Well, that didn’t take long.
Gov. Bill Ritter’s “honeymoon” with the Colorado legislature and the business community ended abruptly last week when a bill to make it easier for unions to win “union shop” contracts rocketed through the House of Representatives on a 35-29 vote.
Even if it becomes law, the bill will have little practical impact. But in politics, symbolic issues often have great emotional impact. (How many people are directly affected by gay marriage, for example?)
In explaining House Bill 1072, let’s first correct a common mistake in press reports. The bill would not allow unions in Colorado to seek a “closed shop,” because such contracts – where a worker must be a member of the union before he or she is hired – are outlawed by federal law, the 1947 Taft-Hartley Act.
What you can get in Colorado is a union shop – where employees, after being hired, can be required to join the union or, in the alternative, to pay an “agency fee” to the union to offset the cost of the work the union does in negotiating their wages and terms of employment.
Section 14(b) of the Taft-Hartley Act allows states to outlaw such union shops, and 22 have done so: Alabama, Arizona, Arkansas, Florida, Georgia, Idaho, Iowa, Kansas, Louisiana, Mississippi, Nebraska, Nevada, North Carolina, North Dakota, Oklahoma, South Carolina, South Dakota, Tennessee, Texas, Utah, Virginia and Wyoming.

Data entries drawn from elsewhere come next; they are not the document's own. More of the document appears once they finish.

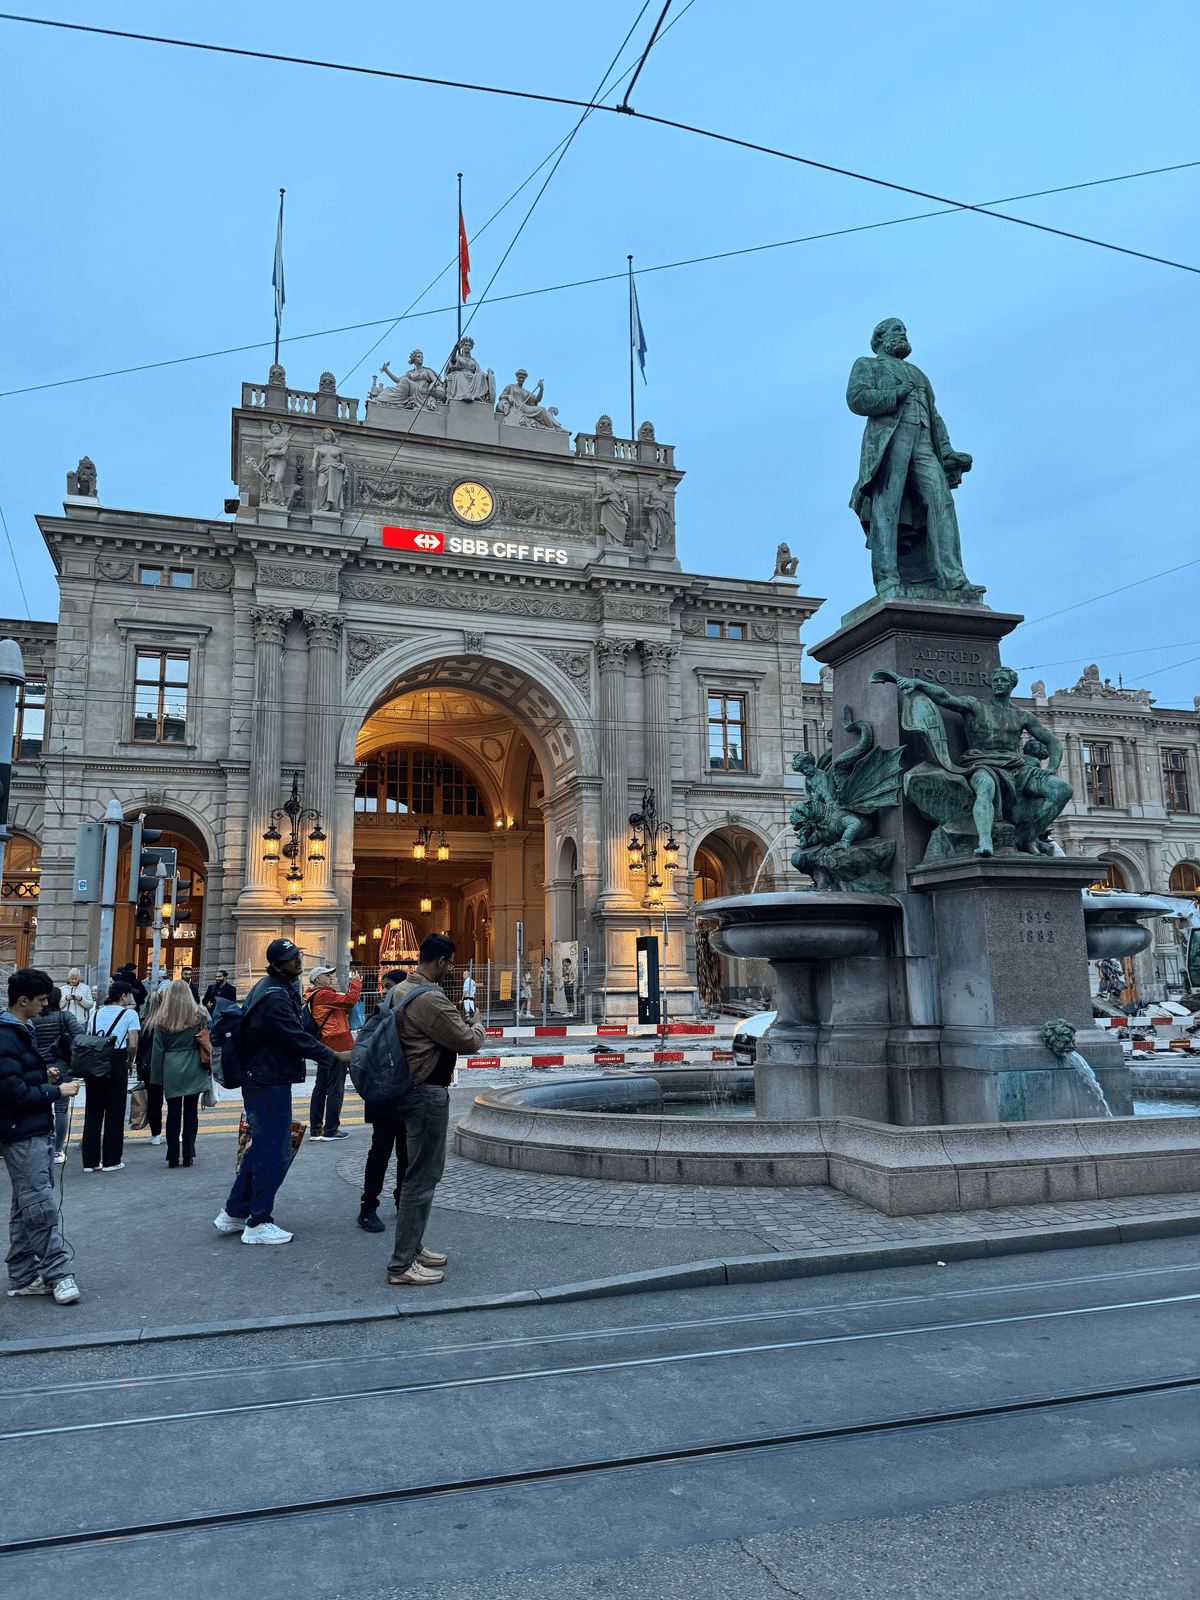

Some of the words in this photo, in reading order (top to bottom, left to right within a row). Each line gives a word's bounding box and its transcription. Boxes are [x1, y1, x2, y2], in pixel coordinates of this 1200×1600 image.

[449, 537, 489, 556] SBB
[493, 542, 529, 560] CFF
[533, 547, 568, 565] FFS
[915, 649, 982, 664] ALFRED
[1018, 910, 1051, 923] 1819
[1018, 930, 1055, 943] 1882

The other 29 states are “free bargaining” states, where a union can ask the employer for a union shop. The employer doesn’t have to grant this boon to the union and, even if he or she does, it must be approved by a majority of the union members voting on the contract.
Then, there’s Colorado. Here, and only here, before a union even asks for a union shop, it must first conduct a special election in the bargaining unit – all the workers eligible to join the union, not just those who actually do belong. It must win by a supermajority of 50 percent plus one of the eligible voters or 75 percent of those actually voting, whichever is higher.

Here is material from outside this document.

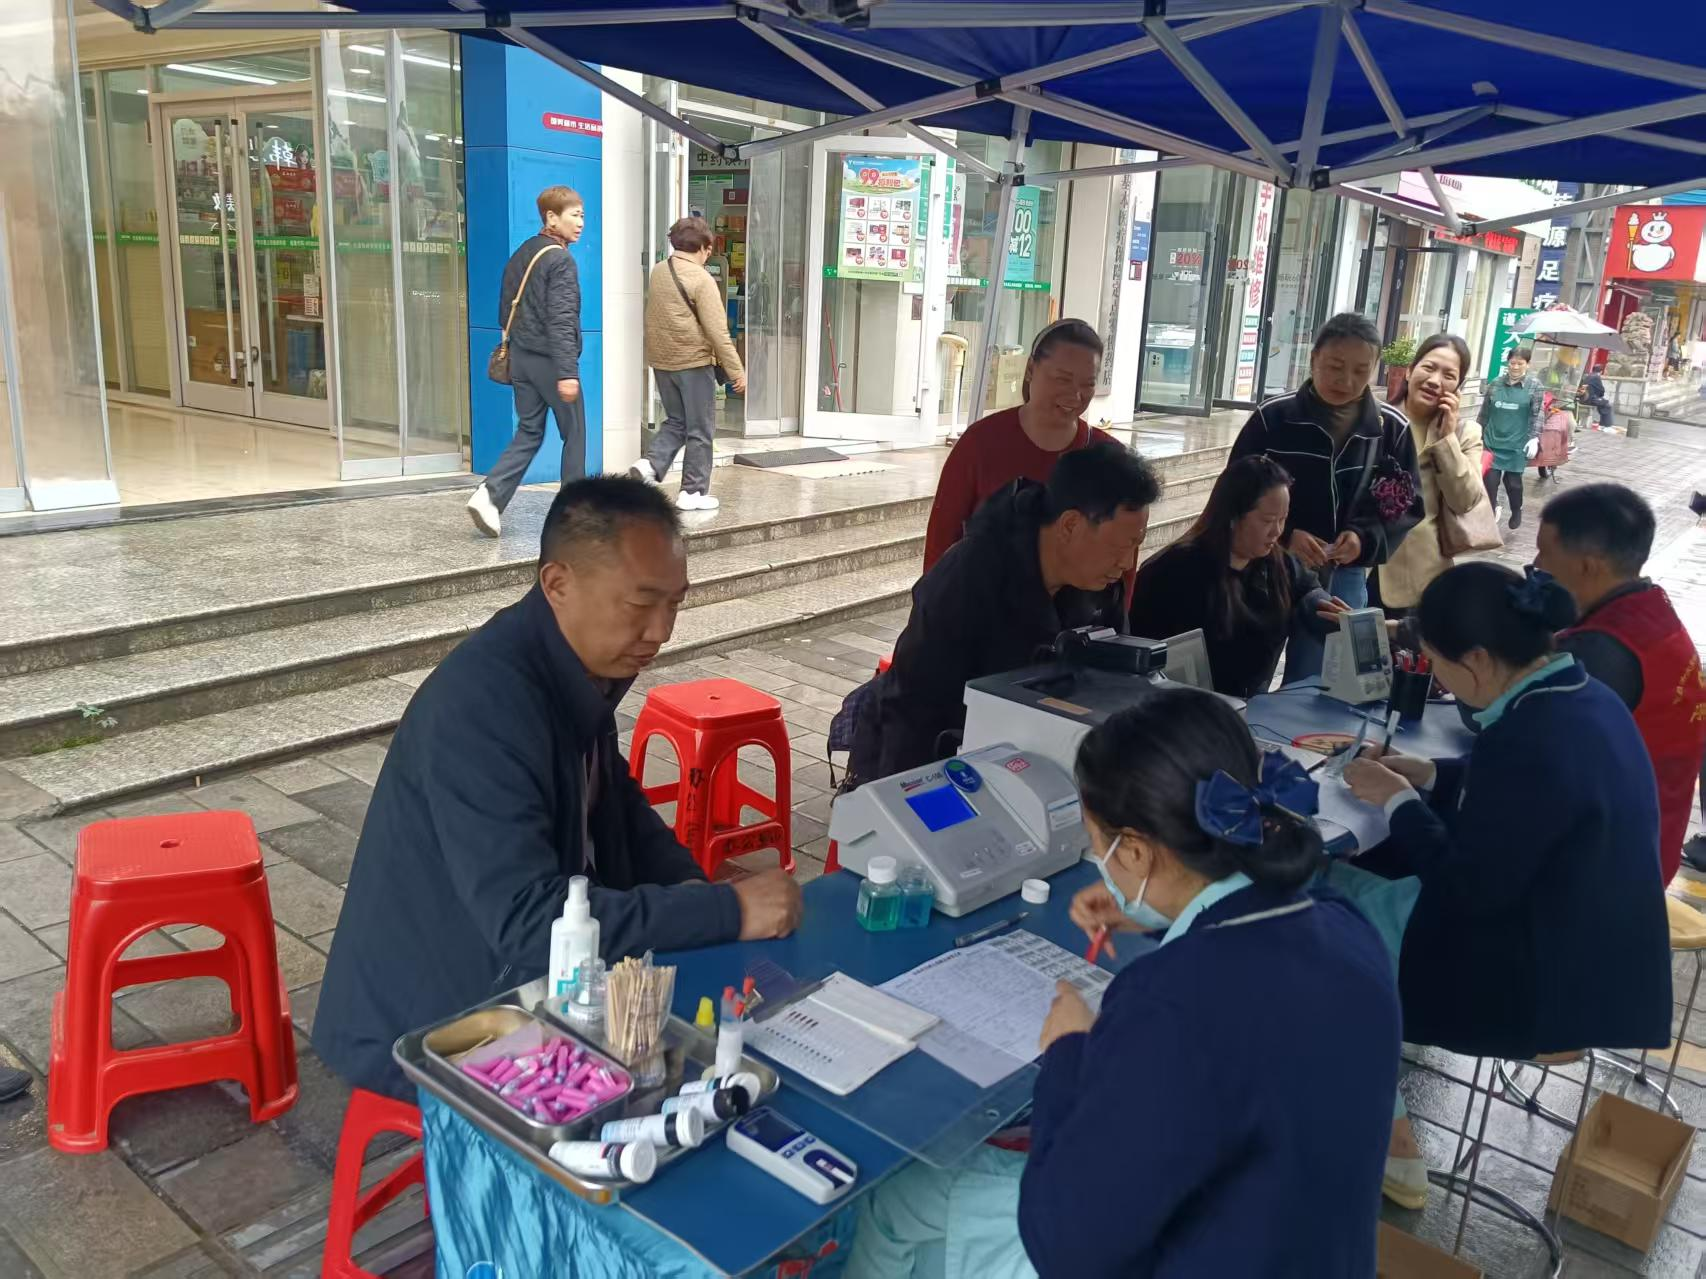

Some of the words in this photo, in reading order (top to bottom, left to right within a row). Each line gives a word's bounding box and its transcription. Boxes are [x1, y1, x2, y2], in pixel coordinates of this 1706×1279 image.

[1176, 253, 1202, 265] 20%
[1248, 183, 1273, 308] 手机维修

HB 1072 scraps this section of the Colorado Labor Peace Act, which was added to the original 1943 law in the early 1970s as a compromise between pro- and anti-union forces.
The issue has very little practical impact because Colorado had only 170,000 union members in 2005, about 8.4 percent of the state’s workforce. Many of those workers are public employees or work in the building trades where their union hiring halls would not be affected by HB 1072. Finally, some, not many, workers already have union shop contracts under existing state law.
Given these facts, few if any unions are likely to cajole employers into freely granting a union shop that strengthens those unions against those employers, even if HB 1072 passes. So why the hubbub?
Simply put, the business community interpreted the swift passage of this pro-union bill as a sign that it would be on the outside looking in at a state government that, for the first time since 1962, has Democrats monopolizing power in the legislature and the governor’s office.
Business felt it had earned a place at the statehouse table by raising $8 million to pass Referendum C in 2005 and because many business leaders backed Ritter over his GOP foe, Bob Beauprez. But instead of that place at the table, business got the back of the Democrats’ hands.
Maybe the Senate will take Ritter off the spot by sidelining the bill until a compromise can be worked out – like retaining the special election requirement but dropping the requirement for passage to a simple majority of the bargaining unit (not just union members.)
Failing such a face-saving move, Ritter will have to decide between offending his old friends in the labor movement or his new pals in the business community.